Instructions for the task:
Copy everything in the data below exactly except the pictures.

----------------

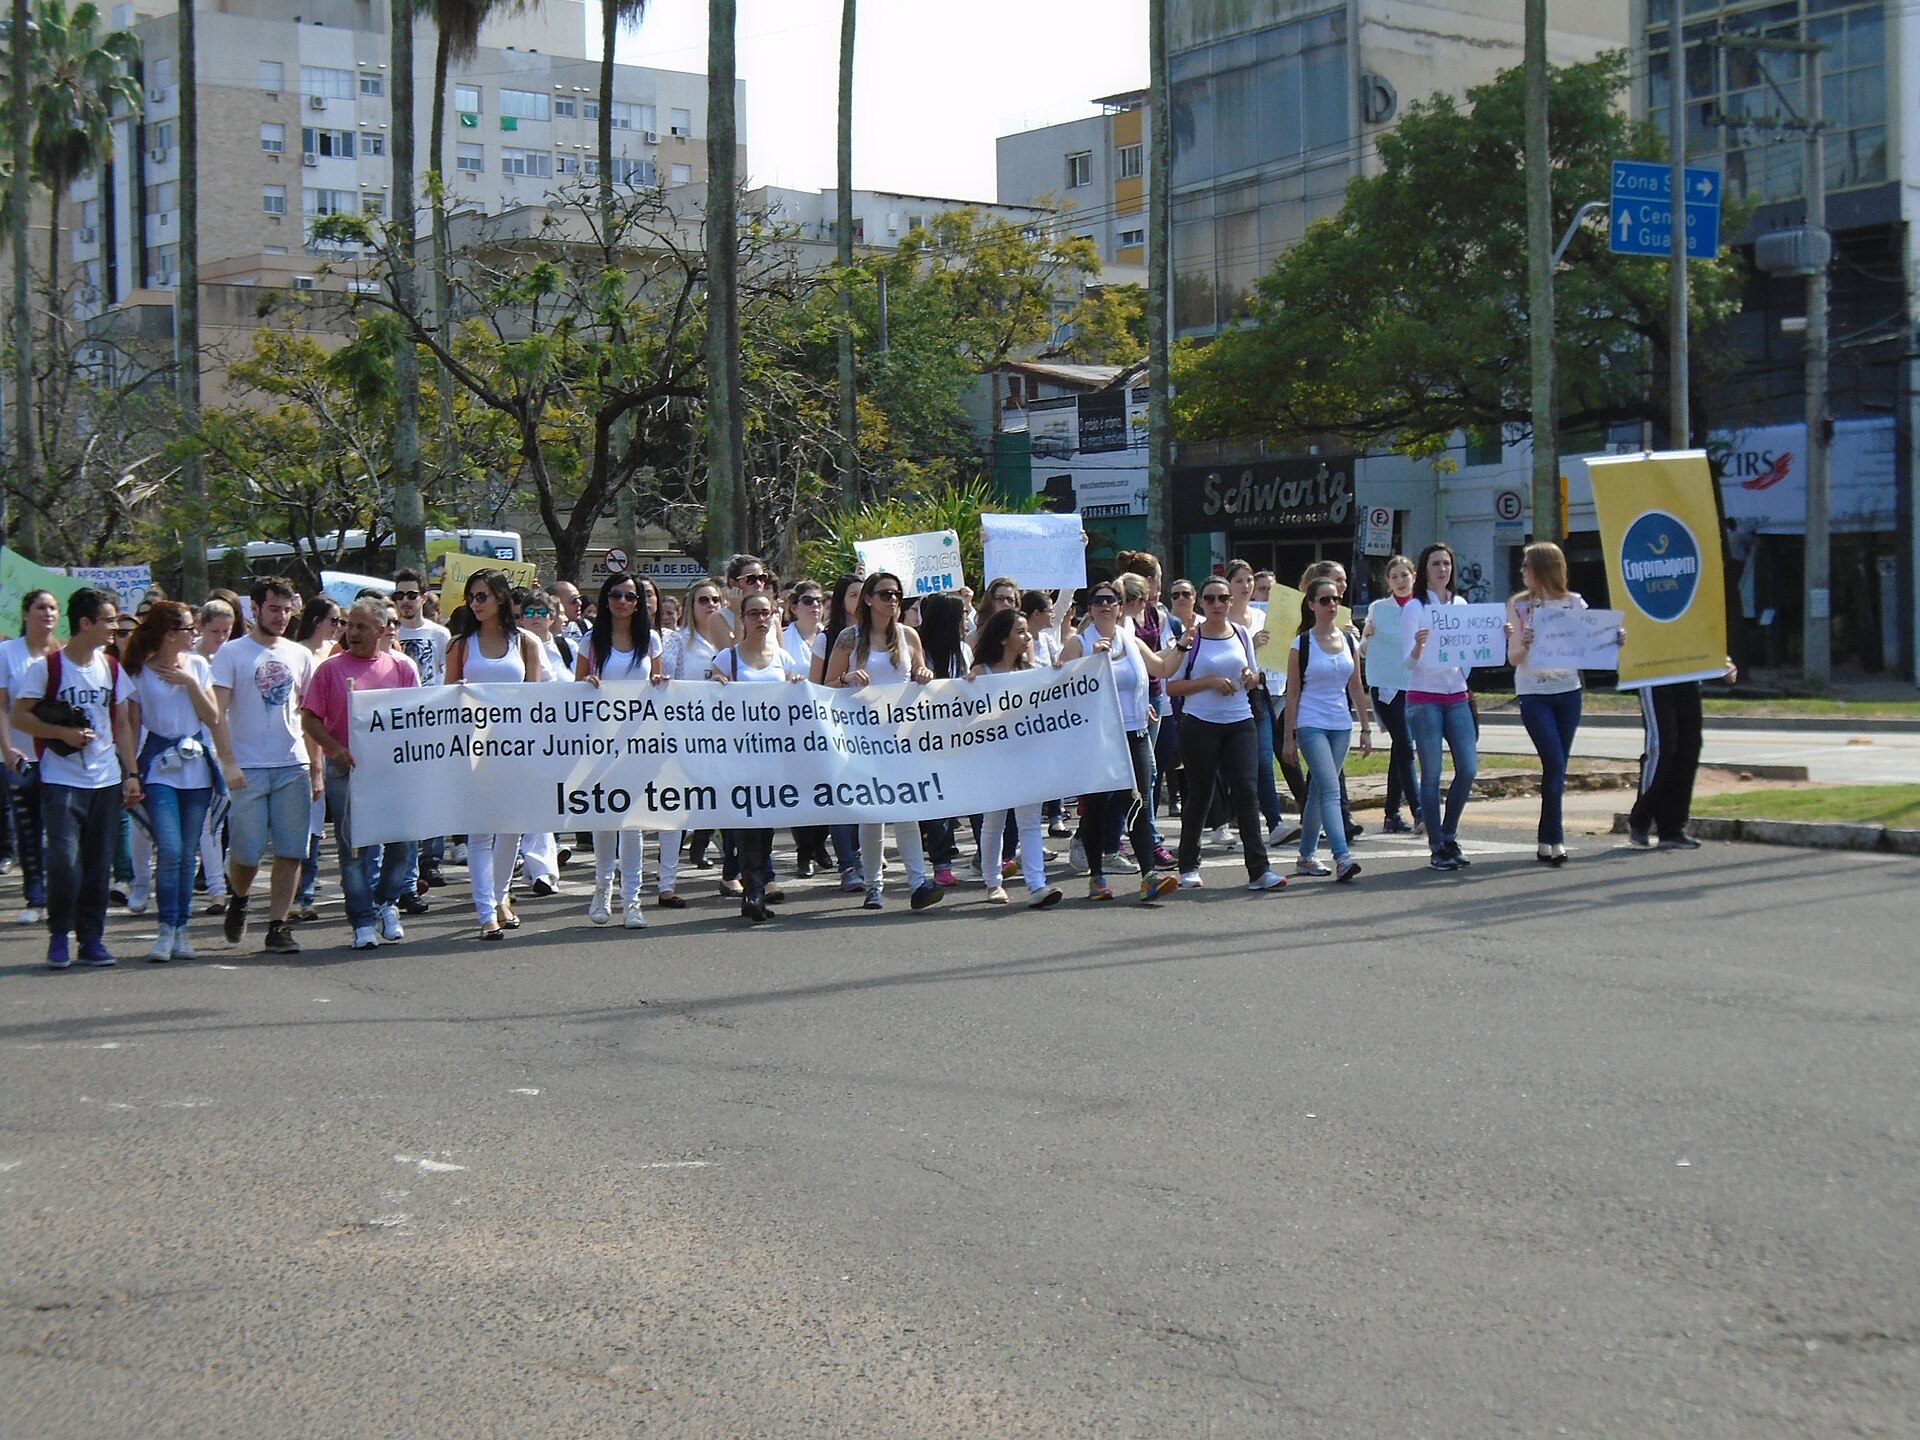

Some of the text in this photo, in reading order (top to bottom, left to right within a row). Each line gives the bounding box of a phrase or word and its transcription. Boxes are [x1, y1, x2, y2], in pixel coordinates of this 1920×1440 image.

[1615, 170, 1691, 193] Zona Sl
[1640, 205, 1696, 227] Ceno
[1639, 228, 1697, 249] Guaa
[1203, 462, 1353, 524] Schwartz
[1504, 498, 1514, 514] E
[77, 568, 140, 580] APRENDEMOS
[592, 564, 660, 574] ASLEIA
[664, 564, 678, 574] DE
[1623, 556, 1696, 582] Enfermagem
[1431, 610, 1503, 630] PELO NOSSO
[1440, 634, 1489, 647] DIREITO DE
[369, 674, 1100, 733] A Enfermagem da UFCSPA está de luto pela perda lastimável do querido
[392, 709, 1089, 764] aluno Alencar Junior, mais uma vítima da violência da nossa cidade.
[556, 772, 944, 817] Isto tem que acabar!

----------------

Task answer:
Some of the text in this photo, in reading order (top to bottom, left to right within a row). Each line gives the bounding box of a phrase or word and its transcription. Boxes are [x1, y1, x2, y2], in pixel coordinates of this 1920×1440 image.

[1615, 170, 1691, 193] Zona Sl
[1640, 205, 1696, 227] Ceno
[1639, 228, 1697, 249] Guaa
[1203, 462, 1353, 524] Schwartz
[1504, 498, 1514, 514] E
[77, 568, 140, 580] APRENDEMOS
[592, 564, 660, 574] ASLEIA
[664, 564, 678, 574] DE
[1623, 556, 1696, 582] Enfermagem
[1431, 610, 1503, 630] PELO NOSSO
[1440, 634, 1489, 647] DIREITO DE
[369, 674, 1100, 733] A Enfermagem da UFCSPA está de luto pela perda lastimável do querido
[392, 709, 1089, 764] aluno Alencar Junior, mais uma vítima da violência da nossa cidade.
[556, 772, 944, 817] Isto tem que acabar!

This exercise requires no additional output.